[DATA TO PROCESS — start]
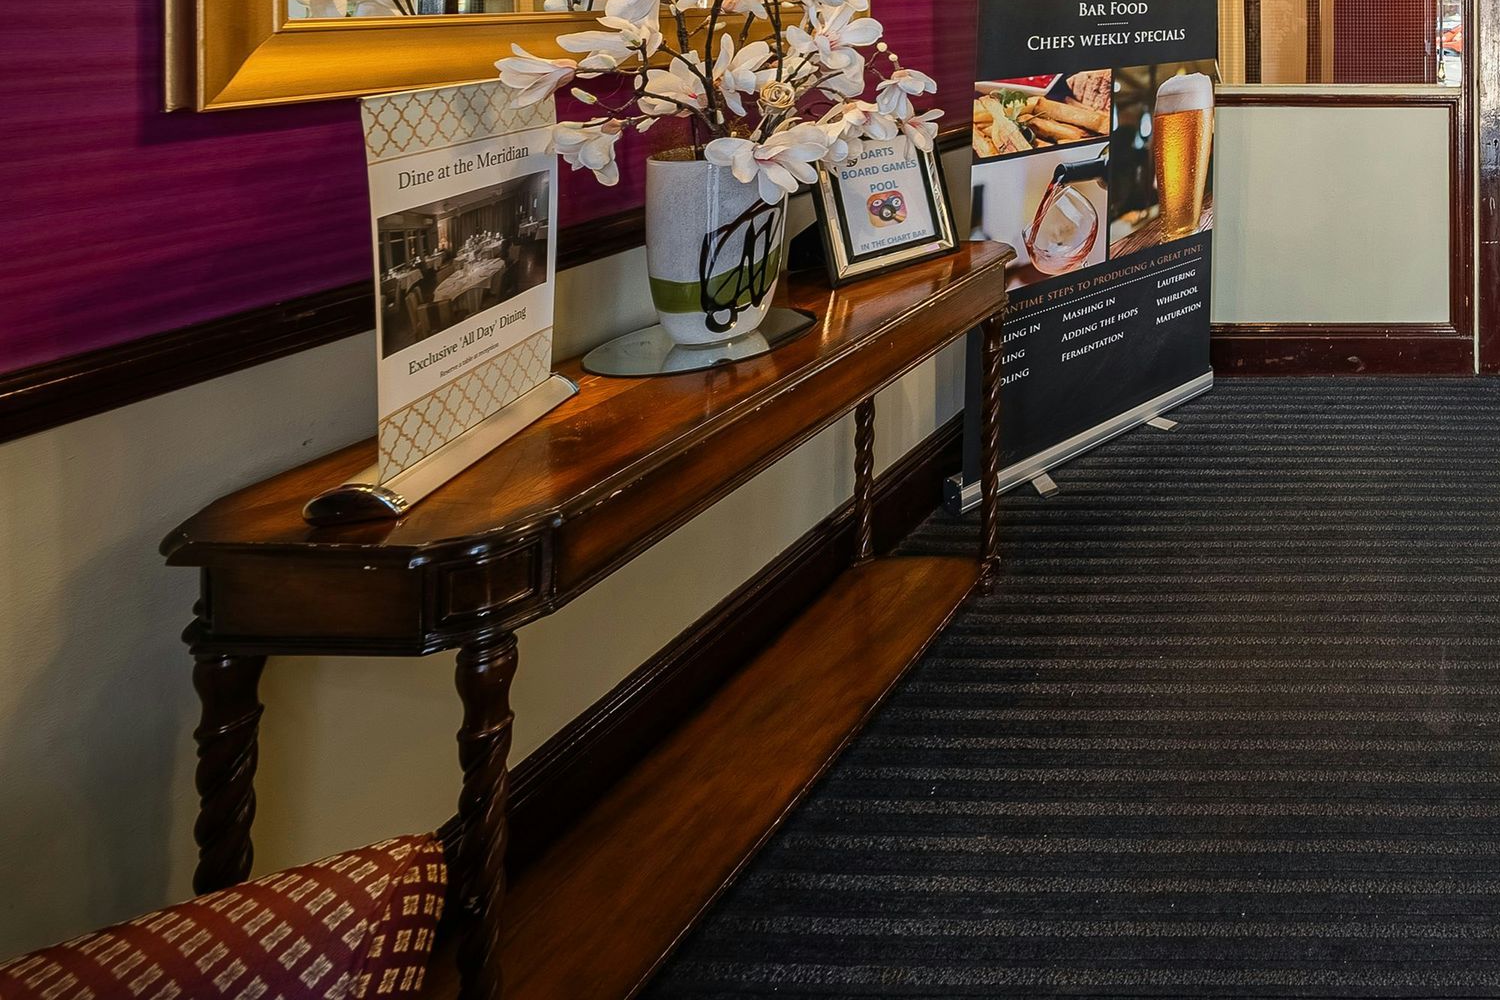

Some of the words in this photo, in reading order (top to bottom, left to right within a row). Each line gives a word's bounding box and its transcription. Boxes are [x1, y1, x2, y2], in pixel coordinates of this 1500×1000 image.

[1079, 3, 1106, 17] BAR
[1110, 1, 1149, 16] FOOD
[1027, 34, 1076, 52] CHEFS
[1080, 32, 1131, 47] WEEKLY
[1134, 28, 1186, 44] SPECIALS
[860, 146, 894, 160] DARTS
[398, 167, 434, 190] Dine
[438, 166, 450, 180] at
[453, 158, 473, 176] the
[476, 144, 529, 171] Meridian
[841, 165, 880, 180] BOARD
[881, 159, 918, 174] GAMES
[869, 180, 899, 193] POOL
[861, 243, 870, 251] IN
[872, 239, 886, 249] THE
[887, 233, 912, 244] CHART
[913, 229, 927, 239] BAR
[1001, 294, 1044, 320] ANTIME
[1048, 286, 1074, 301] STEPS
[1077, 281, 1091, 293] TO
[1093, 263, 1147, 287] PRODUCING
[1149, 258, 1155, 268] A
[1157, 250, 1181, 265] GREAT
[1157, 269, 1196, 288] LAUTERING
[1156, 286, 1198, 306] WHIRLPOOL
[1062, 300, 1104, 322] MASHING
[1105, 297, 1116, 308] IN
[1156, 301, 1202, 325] MATURATION
[1001, 328, 1027, 344] LING
[1029, 323, 1041, 334] IN
[1061, 322, 1098, 343] ADDING
[1100, 315, 1116, 329] THE
[1117, 307, 1139, 321] HOPS
[408, 343, 458, 375] Exclusive
[460, 331, 475, 348] 'All
[477, 319, 498, 340] Day'
[499, 307, 527, 329] Dining
[1061, 331, 1124, 362] FERMENTATION
[1001, 349, 1026, 365] LING
[1000, 368, 1030, 387] OLING
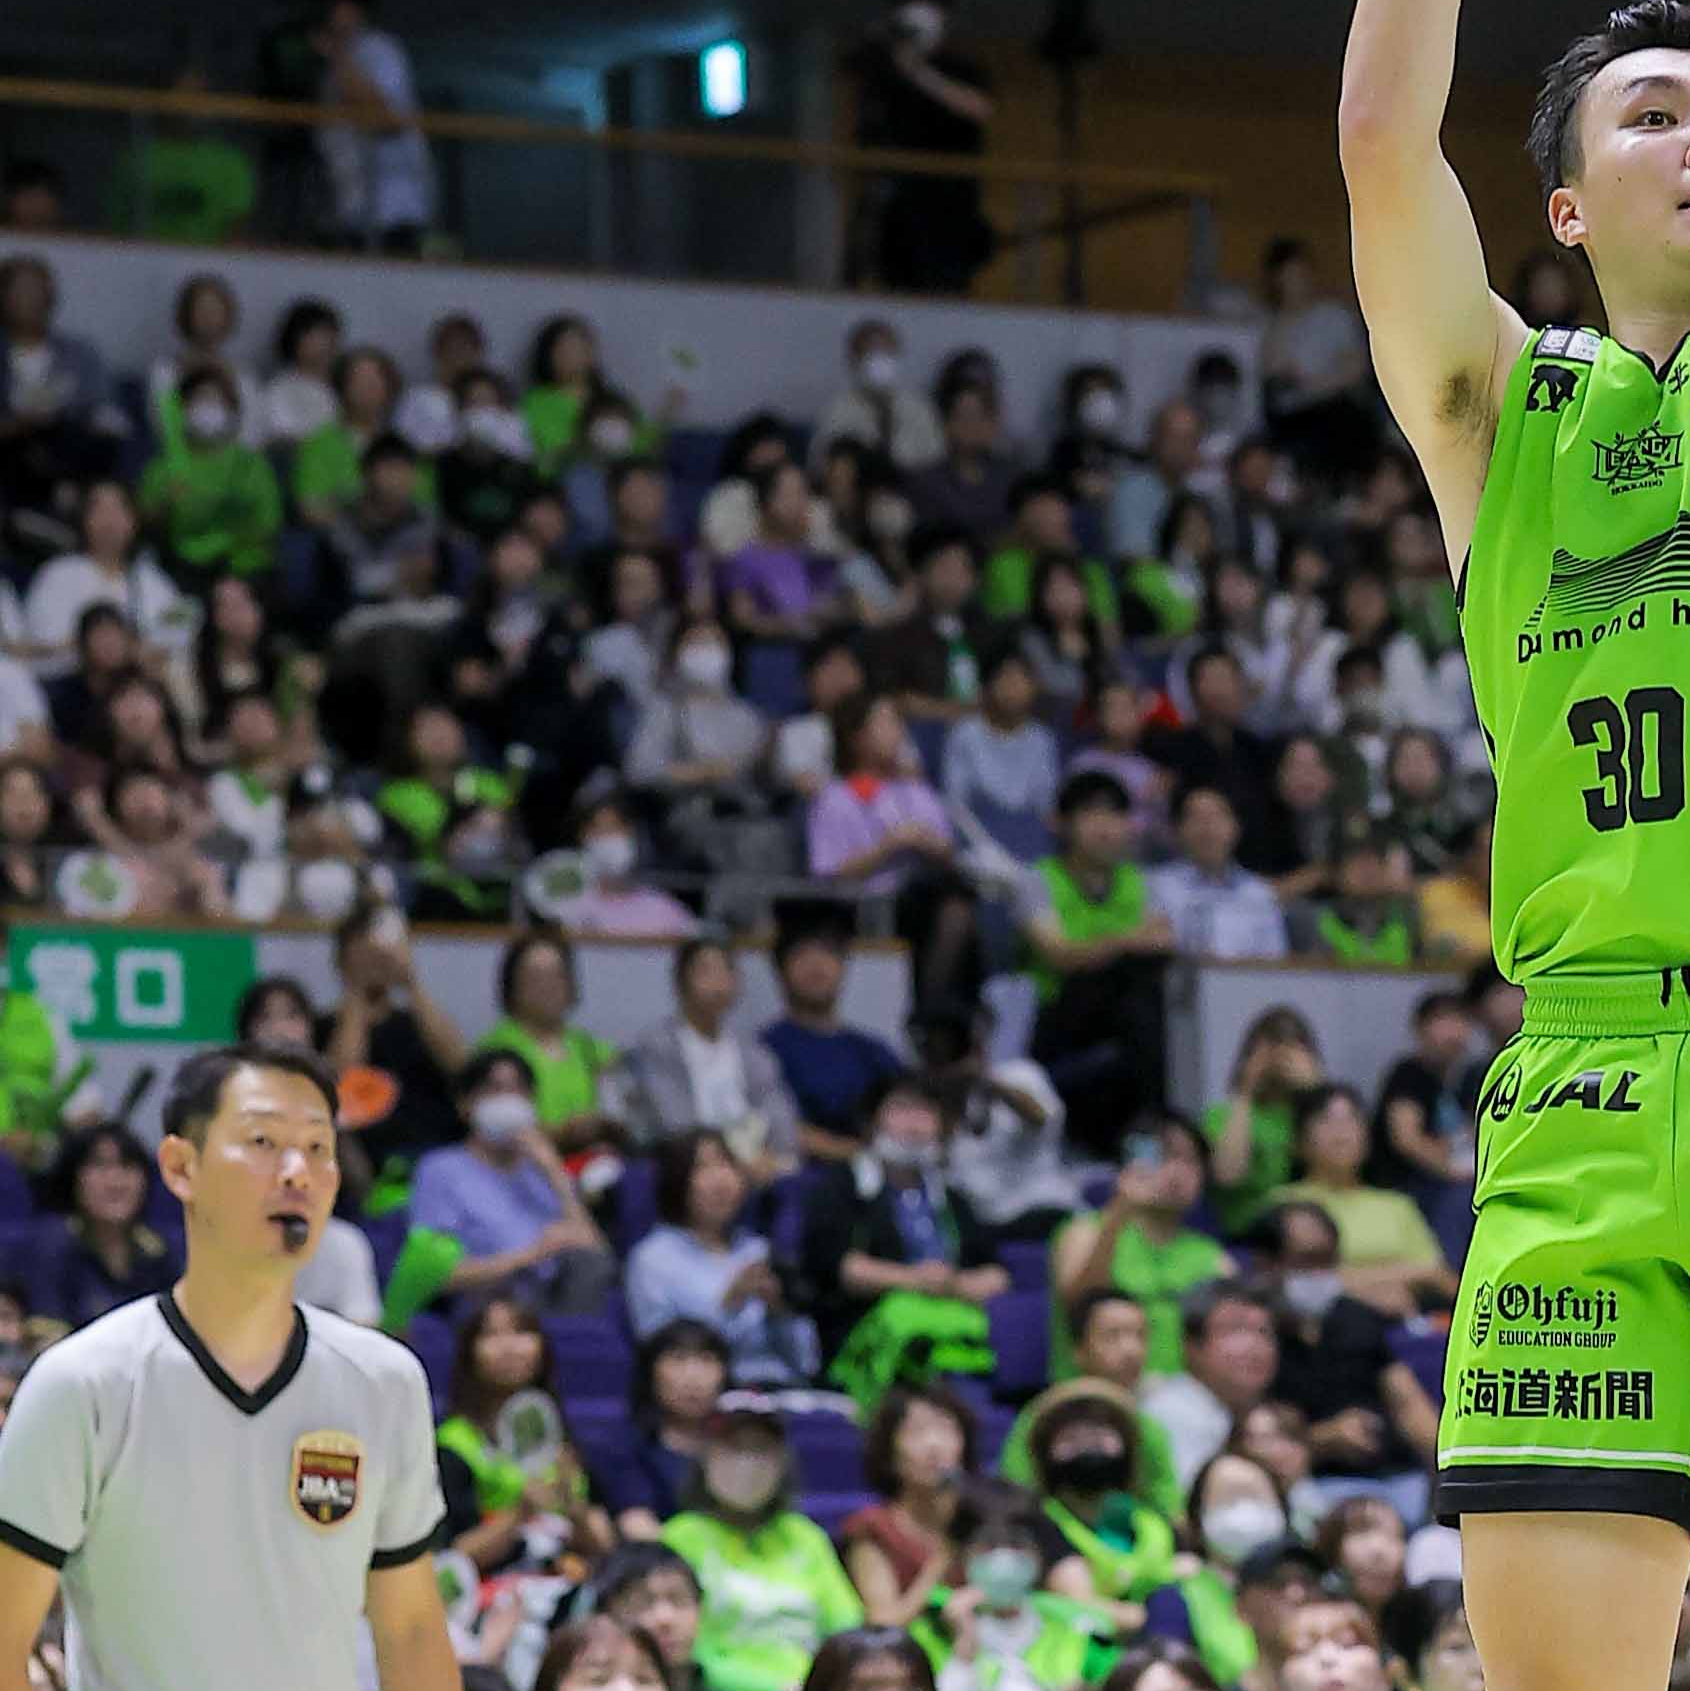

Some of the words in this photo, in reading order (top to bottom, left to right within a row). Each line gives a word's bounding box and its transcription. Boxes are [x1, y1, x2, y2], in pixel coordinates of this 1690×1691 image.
[DATA TO PROCESS — finish]
Give back all of the material exactly, though without the images it contains.

◆ EXERCISE ANSWER ◆
Some of the words in this photo, in reading order (top to bottom, left to right within a row). Each line gives a word's bounding box and its transcription. Boxes are [x1, y1, x2, y2], in pixel coordinates of this 1500×1000 image.

[1079, 3, 1106, 17] BAR
[1110, 1, 1149, 16] FOOD
[1027, 34, 1076, 52] CHEFS
[1080, 32, 1131, 47] WEEKLY
[1134, 28, 1186, 44] SPECIALS
[860, 146, 894, 160] DARTS
[398, 167, 434, 190] Dine
[438, 166, 450, 180] at
[453, 158, 473, 176] the
[476, 144, 529, 171] Meridian
[841, 165, 880, 180] BOARD
[881, 159, 918, 174] GAMES
[869, 180, 899, 193] POOL
[861, 243, 870, 251] IN
[872, 239, 886, 249] THE
[887, 233, 912, 244] CHART
[913, 229, 927, 239] BAR
[1001, 294, 1044, 320] ANTIME
[1048, 286, 1074, 301] STEPS
[1077, 281, 1091, 293] TO
[1093, 263, 1147, 287] PRODUCING
[1149, 258, 1155, 268] A
[1157, 250, 1181, 265] GREAT
[1157, 269, 1196, 288] LAUTERING
[1156, 286, 1198, 306] WHIRLPOOL
[1062, 300, 1104, 322] MASHING
[1105, 297, 1116, 308] IN
[1156, 301, 1202, 325] MATURATION
[1001, 328, 1027, 344] LING
[1029, 323, 1041, 334] IN
[1061, 322, 1098, 343] ADDING
[1100, 315, 1116, 329] THE
[1117, 307, 1139, 321] HOPS
[408, 343, 458, 375] Exclusive
[460, 331, 475, 348] 'All
[477, 319, 498, 340] Day'
[499, 307, 527, 329] Dining
[1061, 331, 1124, 362] FERMENTATION
[1001, 349, 1026, 365] LING
[1000, 368, 1030, 387] OLING

Some of the words in this photo, in reading order (top to bottom, left to right within a row). Each line gives a word's bounding box and its transcription. Boxes are [x1, y1, x2, y2], in pixel coordinates of this 1690×1691 image.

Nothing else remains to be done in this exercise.